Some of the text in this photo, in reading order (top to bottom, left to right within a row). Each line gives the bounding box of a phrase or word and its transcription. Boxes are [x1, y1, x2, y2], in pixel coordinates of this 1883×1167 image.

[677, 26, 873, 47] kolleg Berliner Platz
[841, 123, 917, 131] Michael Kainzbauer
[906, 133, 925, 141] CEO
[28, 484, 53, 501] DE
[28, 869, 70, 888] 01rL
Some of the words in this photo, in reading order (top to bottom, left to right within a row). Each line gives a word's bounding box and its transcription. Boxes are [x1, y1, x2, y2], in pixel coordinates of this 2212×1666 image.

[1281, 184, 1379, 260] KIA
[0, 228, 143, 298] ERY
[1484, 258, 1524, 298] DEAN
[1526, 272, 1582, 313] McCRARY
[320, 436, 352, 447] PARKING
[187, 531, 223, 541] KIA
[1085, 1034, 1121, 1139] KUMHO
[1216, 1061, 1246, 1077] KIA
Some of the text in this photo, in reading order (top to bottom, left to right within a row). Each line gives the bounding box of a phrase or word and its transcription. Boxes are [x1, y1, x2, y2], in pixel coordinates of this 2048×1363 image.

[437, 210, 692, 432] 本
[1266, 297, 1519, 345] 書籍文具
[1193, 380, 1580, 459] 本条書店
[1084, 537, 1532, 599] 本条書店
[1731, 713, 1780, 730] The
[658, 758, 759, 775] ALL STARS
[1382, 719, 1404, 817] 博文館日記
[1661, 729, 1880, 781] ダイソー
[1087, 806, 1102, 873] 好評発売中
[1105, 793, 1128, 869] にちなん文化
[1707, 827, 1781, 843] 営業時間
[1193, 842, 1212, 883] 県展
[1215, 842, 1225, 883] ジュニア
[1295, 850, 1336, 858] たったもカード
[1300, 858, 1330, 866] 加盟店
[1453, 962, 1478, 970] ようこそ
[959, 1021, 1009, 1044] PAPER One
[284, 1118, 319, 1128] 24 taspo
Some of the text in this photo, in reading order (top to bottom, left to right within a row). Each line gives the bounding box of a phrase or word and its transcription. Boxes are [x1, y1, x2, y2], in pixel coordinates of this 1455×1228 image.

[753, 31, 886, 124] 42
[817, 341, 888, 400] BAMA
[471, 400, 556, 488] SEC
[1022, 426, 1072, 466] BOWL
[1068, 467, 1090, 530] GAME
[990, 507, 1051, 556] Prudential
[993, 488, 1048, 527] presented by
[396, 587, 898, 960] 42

· · · · ·

TASK OBJECTIVE:
Every record shown above should be written out again exactly.

RESPONSE TO THE EXERCISE:
Some of the text in this photo, in reading order (top to bottom, left to right within a row). Each line gives the bounding box of a phrase or word and its transcription. Boxes are [x1, y1, x2, y2], in pixel coordinates of this 1883×1167 image.

[677, 26, 873, 47] kolleg Berliner Platz
[841, 123, 917, 131] Michael Kainzbauer
[906, 133, 925, 141] CEO
[28, 484, 53, 501] DE
[28, 869, 70, 888] 01rL
Some of the words in this photo, in reading order (top to bottom, left to right within a row). Each line gives a word's bounding box and its transcription. Boxes are [x1, y1, x2, y2], in pixel coordinates of this 2212×1666 image.

[1281, 184, 1379, 260] KIA
[0, 228, 143, 298] ERY
[1484, 258, 1524, 298] DEAN
[1526, 272, 1582, 313] McCRARY
[320, 436, 352, 447] PARKING
[187, 531, 223, 541] KIA
[1085, 1034, 1121, 1139] KUMHO
[1216, 1061, 1246, 1077] KIA
Some of the text in this photo, in reading order (top to bottom, left to right within a row). Each line gives the bounding box of a phrase or word and its transcription. Boxes are [x1, y1, x2, y2], in pixel coordinates of this 2048×1363 image.

[437, 210, 692, 432] 本
[1266, 297, 1519, 345] 書籍文具
[1193, 380, 1580, 459] 本条書店
[1084, 537, 1532, 599] 本条書店
[1731, 713, 1780, 730] The
[658, 758, 759, 775] ALL STARS
[1382, 719, 1404, 817] 博文館日記
[1661, 729, 1880, 781] ダイソー
[1087, 806, 1102, 873] 好評発売中
[1105, 793, 1128, 869] にちなん文化
[1707, 827, 1781, 843] 営業時間
[1193, 842, 1212, 883] 県展
[1215, 842, 1225, 883] ジュニア
[1295, 850, 1336, 858] たったもカード
[1300, 858, 1330, 866] 加盟店
[1453, 962, 1478, 970] ようこそ
[959, 1021, 1009, 1044] PAPER One
[284, 1118, 319, 1128] 24 taspo
Some of the text in this photo, in reading order (top to bottom, left to right within a row). Each line gives the bounding box of a phrase or word and its transcription. Boxes are [x1, y1, x2, y2], in pixel coordinates of this 1455×1228 image.

[753, 31, 886, 124] 42
[817, 341, 888, 400] BAMA
[471, 400, 556, 488] SEC
[1022, 426, 1072, 466] BOWL
[1068, 467, 1090, 530] GAME
[990, 507, 1051, 556] Prudential
[993, 488, 1048, 527] presented by
[396, 587, 898, 960] 42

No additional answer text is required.